Researcher Rhana Hashemi, who promotes harm-reduction education in schools, also criticized the show for presenting a dangerously simplified picture of the drug supply. Characters in Euphoria rarely question what they are taking or whether substances have been adulterated with fentanyl, a real-world risk that kills thousands of young people each year.
The Glamorization Problem Parents Should Know About
One tension Stone’s endorsement does not fully resolve is the show’s tendency to wrap its darkest storylines in visual glamour. Characters experiencing abuse, addiction, and trauma routinely appear in designer clothes and elaborate makeup.
The cultural ripple effect has been significant: searches for “Euphoria outfits,” “Euphoria makeup,” and “Euphoria parties” generate thousands of results across social media platforms, and glitter-infused cosmetics and Euphoria-themed parties became widespread teen trends in recent years.
Teen viewers themselves are divided on how realistic the show actually is. When one writer surveyed a diverse group of peers, 77.8% said they could not relate to most of the characters’ experiences, and none described the show as realistic.

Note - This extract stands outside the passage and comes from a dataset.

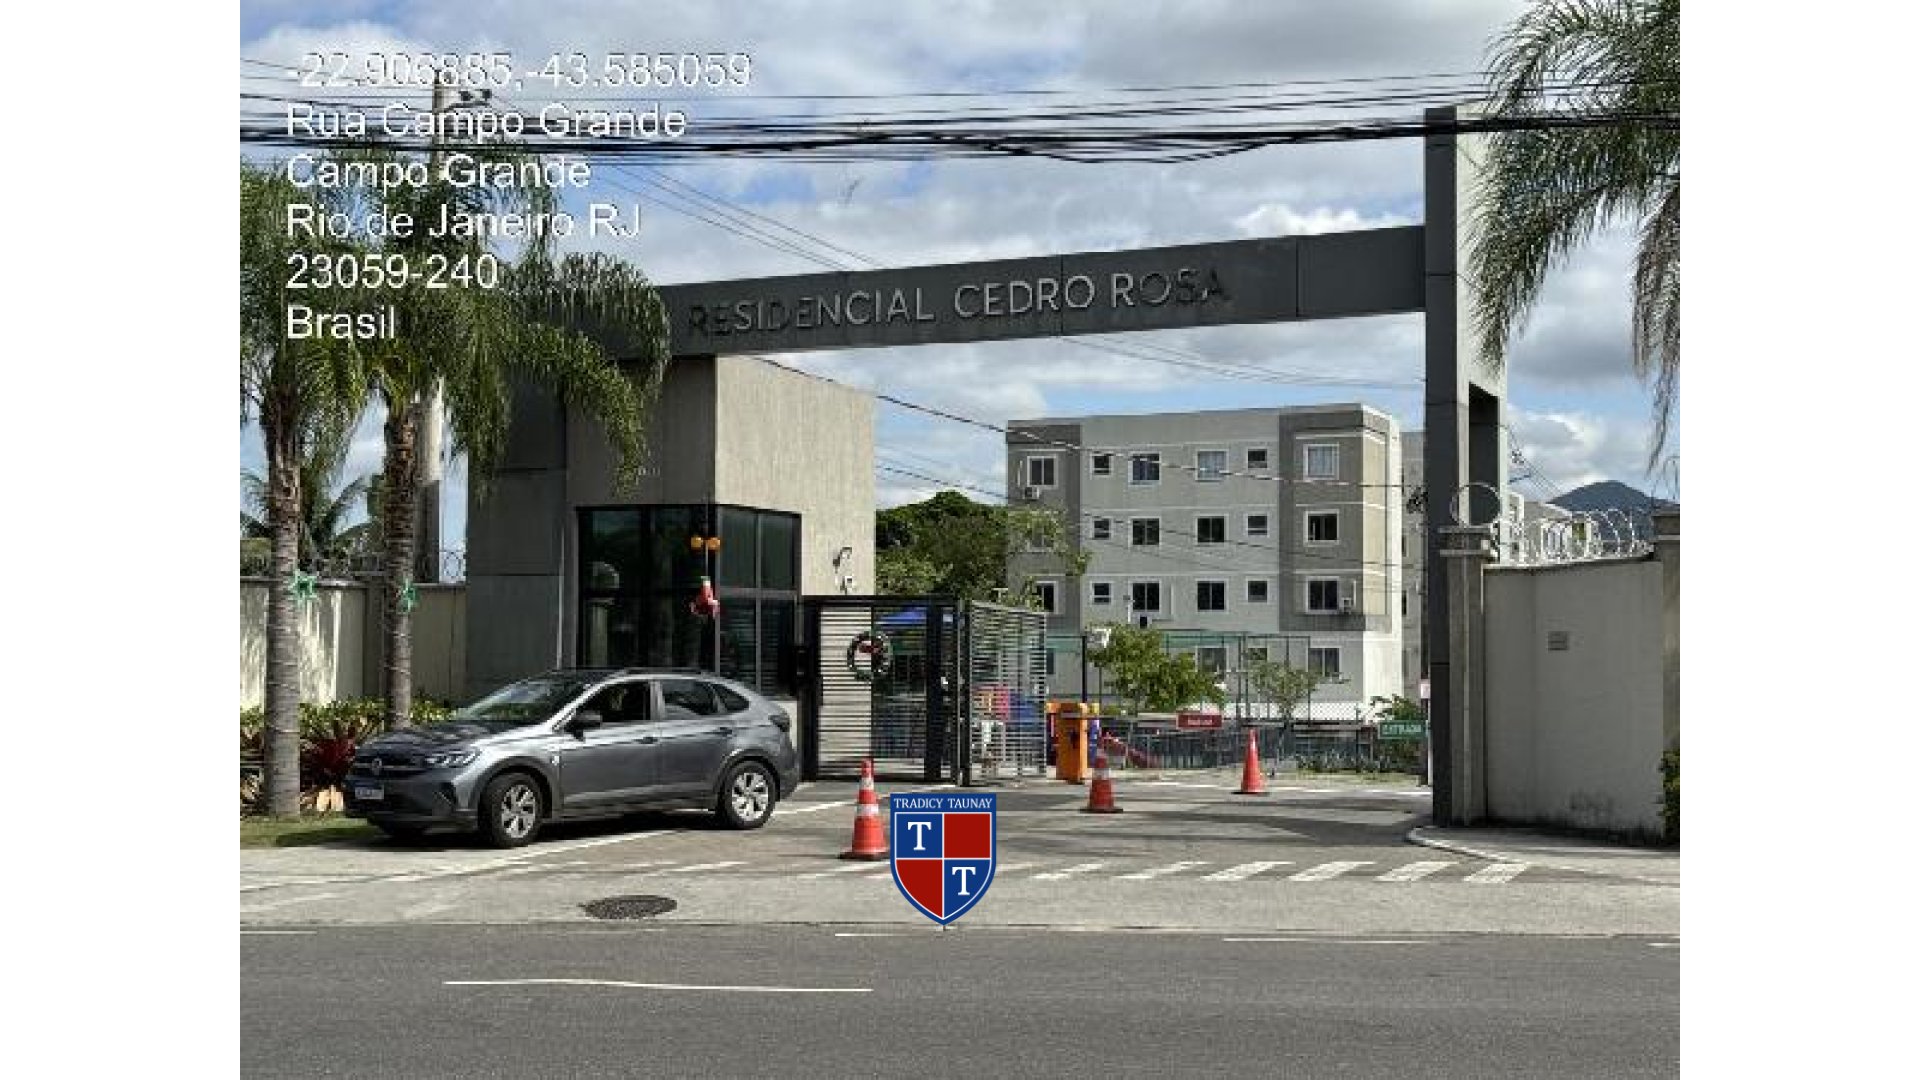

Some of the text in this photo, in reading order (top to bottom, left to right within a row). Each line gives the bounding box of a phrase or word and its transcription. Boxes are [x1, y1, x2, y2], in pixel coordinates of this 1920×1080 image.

[688, 268, 1226, 337] RESIDENCIAL CEDRO ROSA

That gap between the show’s aesthetic appeal and its actual subject matter is precisely what concerns some parents and educators.
‘Euphoria’ Conversations Matter For Families
Stone’s argument, stripped to its core, is that parents cannot afford to be less informed than their teenagers. Whether Euphoria belongs in a classroom or not, the research suggests many teens are already watching it, often without any adult context.
The show’s strengths and its blind spots both make a case for the same thing: a conversation between parents and kids about what addiction actually looks like, what treatment options exist, and why the glamorous packaging around destructive behavior is part of the danger, not separate from it.
With Season 3 of Euphoria available now, the debate over who should be watching, and how, is unlikely to quiet down anytime soon.